Heller hears it from every side and now in ads, too
Tuesday, April 17, 2007 | 7:03 a.m.
WASHINGTON - Nevada's freshman Republican Rep. Dean Heller has not been shy in his support for President Bush's strategy in Iraq.
Heller voted for Bush's troop surge and stepped up when the president called Republicans to the White House for a show of support. He called the Democratic House speaker "Gen. Pelosi," a favorite Republican derision for Rep. Nancy Pelosi.
Now, war opponents are not being shy about targeting him.
Heller returns to Washington this week after hearing deep opposition to the war from constituents in Nevada during spring recess. He said he heard similar sentiments in private conversations, in grocery stores and in homes from "some of my friends, neighbors, colleagues."
Heller came away believing that two of every three Nevadans oppose the war - on par with national polls.
Today a national progressive group, Americans United for Change, will begin running television ads in Heller's Reno district , targeting six lawmakers whose war votes it hopes to change. Congress is preparing to vote on final passage of the Democratic timetable for troop withdrawal, which Bush has promised to veto. Heller voted against the plan last month.
"I think this is a process you're constantly reassessing," Heller told the Sun. "I probably spend the majority of my time thinking about Iraq."
Heller has struggled during his three months in office to become an Iraq expert. He keeps a copy of the Iraq Study Group report in his briefcase.
During the House's spring recess, he e-mailed colleagues who were visiting Iraq, pushing them for answer on the question on Americans' minds: Do you feel like we're making progress?
Heller supports the surge because the study group, a bipartisan commission headed by former Secretary of State James Baker and former Rep. Lee Hamilton, said a temporary escalation of troops could help.
But Heller said "at the end of the summer - six to nine months - I'll have to reassess my position."
Despite a broad Democratic victory in the 2006 congressional races, Heller won election to the open congressional seat with 50 percent of the vote . Political observers believe he will have an easier chance at reelection in 2008 as an incumbent with cash .
That has not dissuaded Americans United from targeting Heller. The advertisement shows Heller standing beside Bush and details the war's casualties. "Tell Dean Heller after four years, it's time to end the war," the announcer says.
The organization's spokesman Jeremy Funk said, "These particular folks, we felt holding them accountable in public, they could be convinced to change their own course and do the right thing." Even in Nevada's relatively conservative 2nd Congressional District, Heller "made the wrong decision to support the president and the war in Iraq." Americans United hopes that as a freshman, Heller is not too beholden to his party's leadership to change his vote.

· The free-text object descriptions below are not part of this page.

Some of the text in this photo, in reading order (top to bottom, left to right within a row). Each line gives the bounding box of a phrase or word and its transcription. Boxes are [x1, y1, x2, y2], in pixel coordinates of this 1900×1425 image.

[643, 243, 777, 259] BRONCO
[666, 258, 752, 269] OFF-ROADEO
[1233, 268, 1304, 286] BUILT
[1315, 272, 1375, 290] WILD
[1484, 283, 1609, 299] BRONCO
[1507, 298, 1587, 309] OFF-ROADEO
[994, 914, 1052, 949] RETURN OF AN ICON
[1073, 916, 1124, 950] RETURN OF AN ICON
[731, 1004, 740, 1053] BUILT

The Americans United campaign has encouraged the early launch of a Web site by a blogger in Germany, Sven Stromann. A former exchange student in Nevada, Stromann hopes to contribute to Heller's defeat in 2008 through the site: helluvaheller.blogspot.com.

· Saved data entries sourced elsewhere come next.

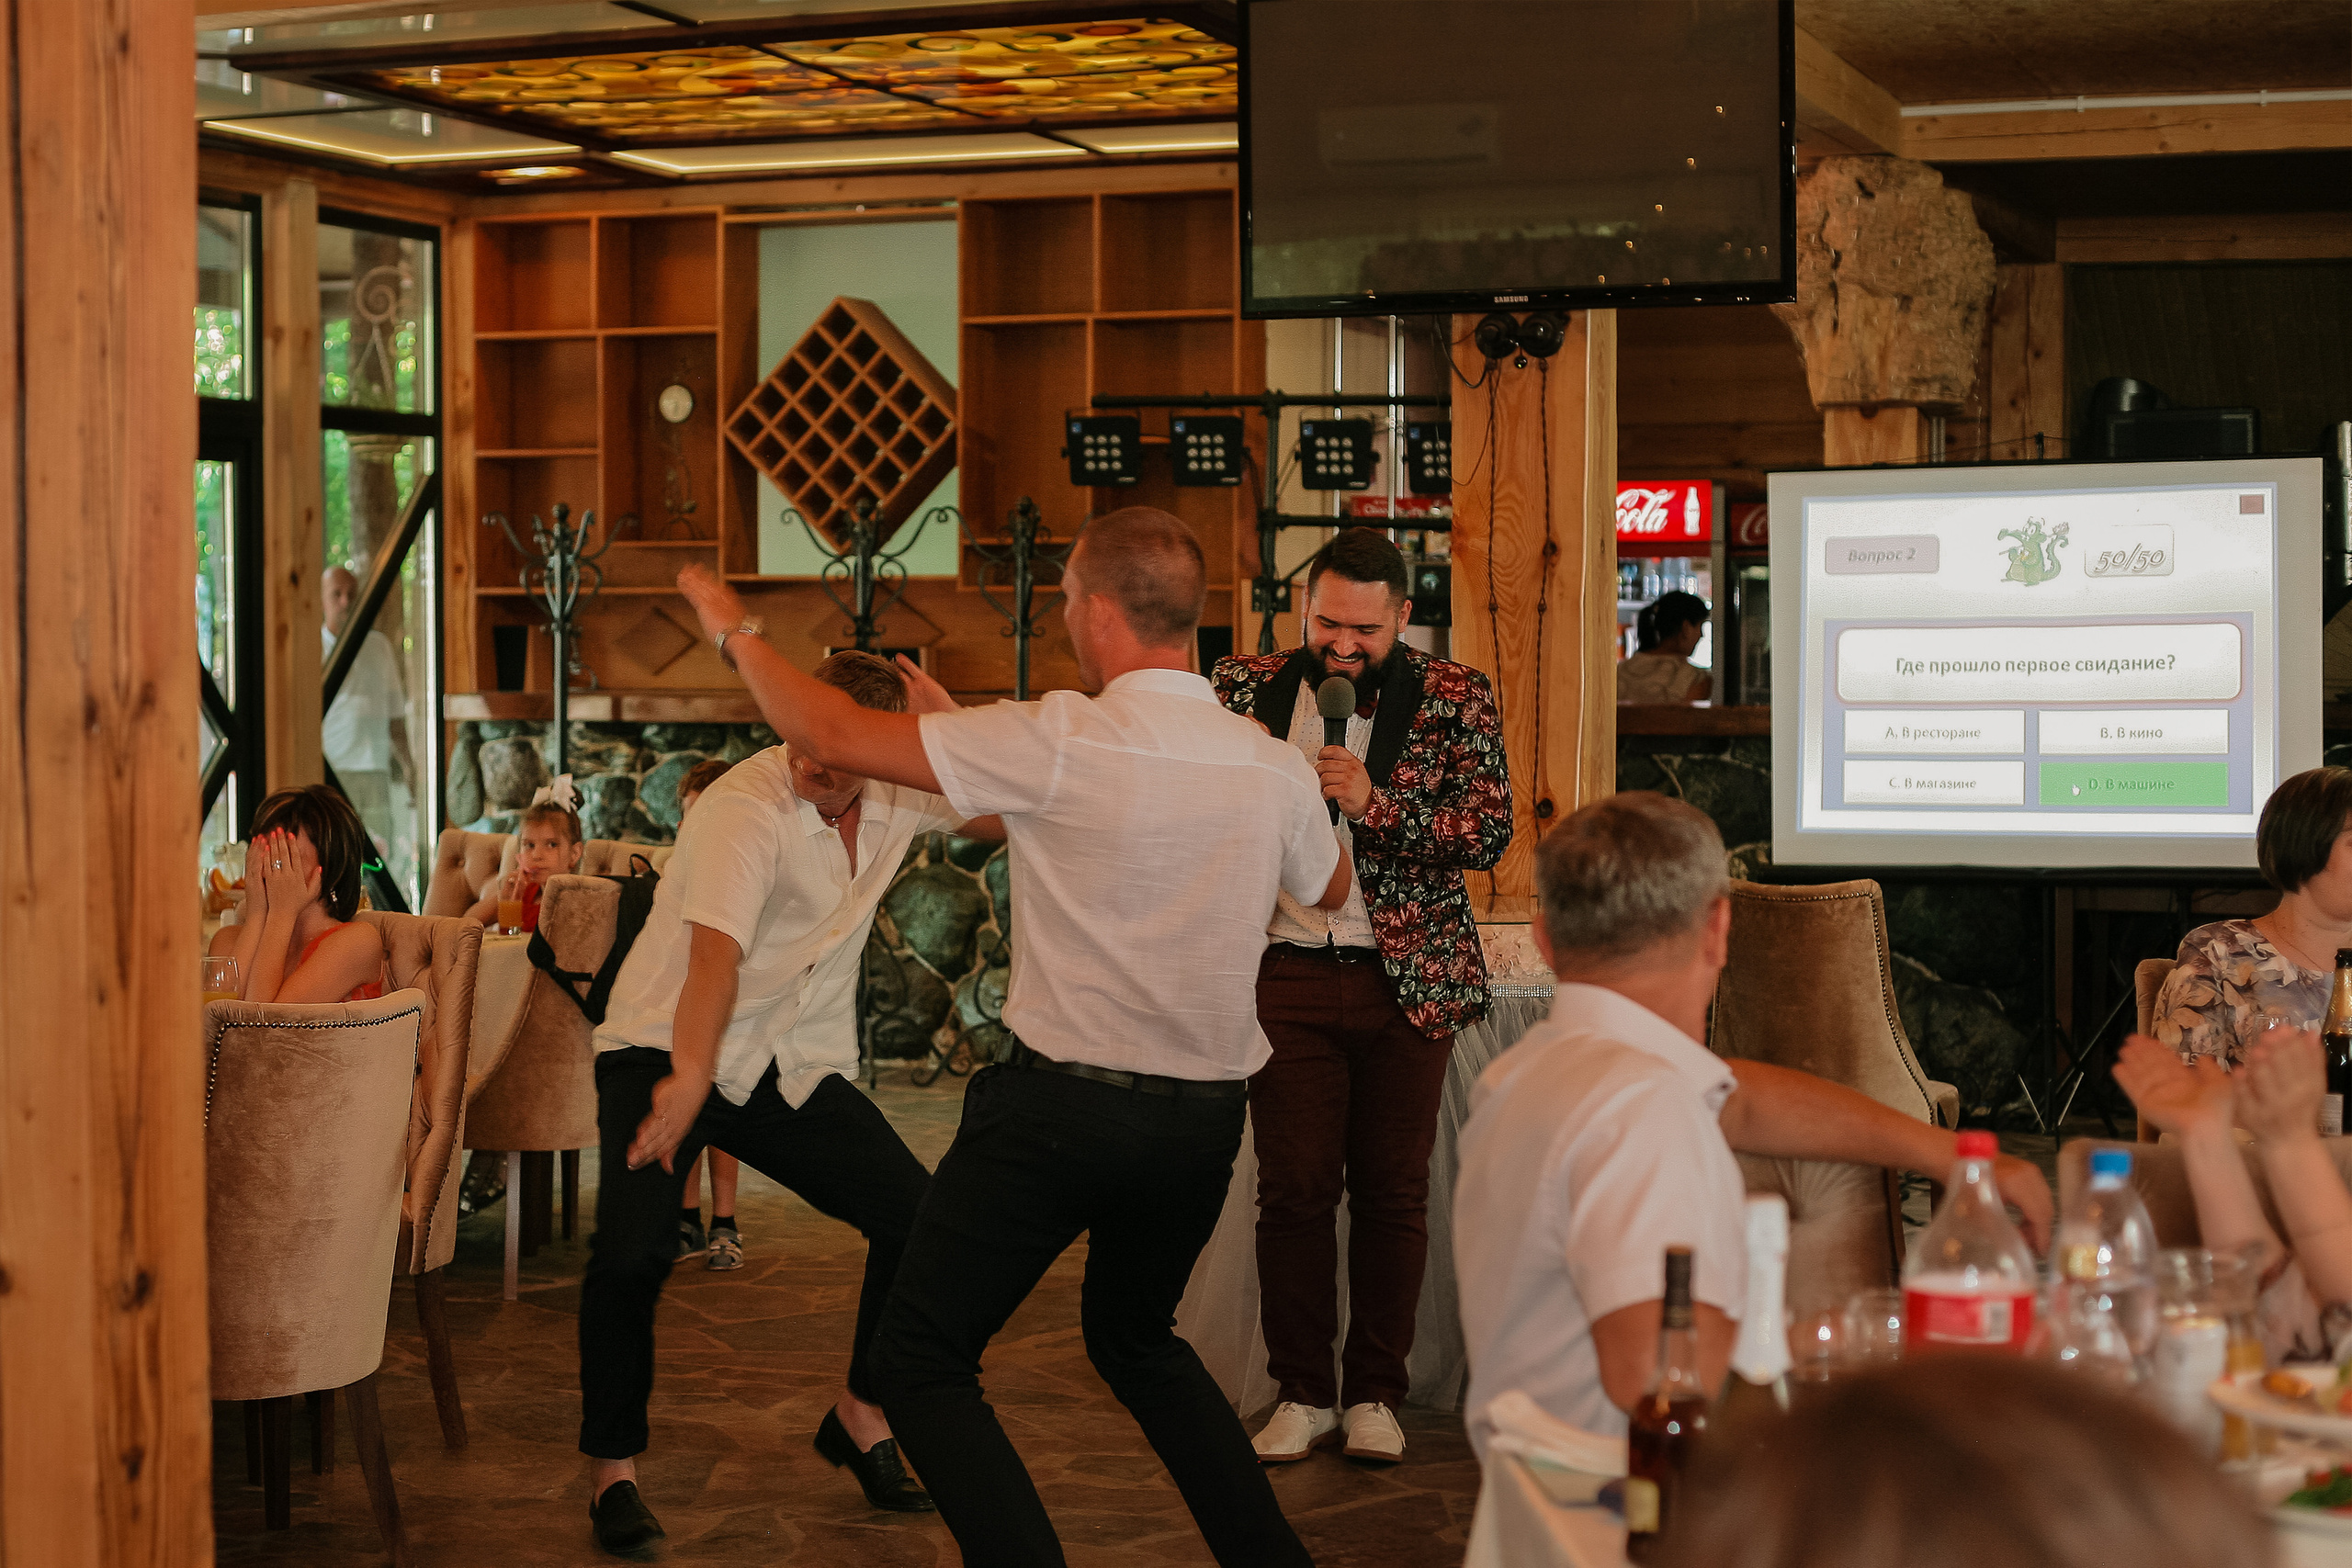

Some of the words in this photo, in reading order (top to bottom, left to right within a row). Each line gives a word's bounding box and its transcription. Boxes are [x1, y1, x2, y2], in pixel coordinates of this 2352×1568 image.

[1494, 295, 1529, 303] SAMSUNG
[1848, 548, 1905, 565] Вопрос
[1905, 547, 1917, 559] 2
[2093, 542, 2166, 573] 50/50
[1895, 657, 1925, 677] Где
[1928, 660, 2001, 677] прошло
[2005, 660, 2071, 677] первое
[2075, 653, 2177, 676] свидание?
[1913, 728, 1982, 741] ресторане
[2129, 728, 2164, 739] кино
[1916, 780, 1977, 789] магазине
[2118, 780, 2176, 790] машине

But Republican political strategist Ryan Erwin, a former state party official, believes the ad attack has less to do with defeating Heller than whipping up Democratic votes in Reno for the 2008 presidential election. Nevada is a swing state, and a few votes can be decisive.
Erwin noted that Heller is in a relatively safe district where he can, as a freshman, massage his views on the war in either direction and still find support.
"As long as he's explaining to his constituents, he can support what he wants to support," Erwin said.
Heller dismissed the attack ads as an "East Coast liberal group trying to change opinions of Nevadans," saying they would not alter his views on the war.
But his constituents might have more influence, especially after the mixed reviews he got at home.
"Every time you vote on this Iraq war, you're going to reassess the situation," he said. "This is not a black-white answer. How do you measure success in a war against terrorism?"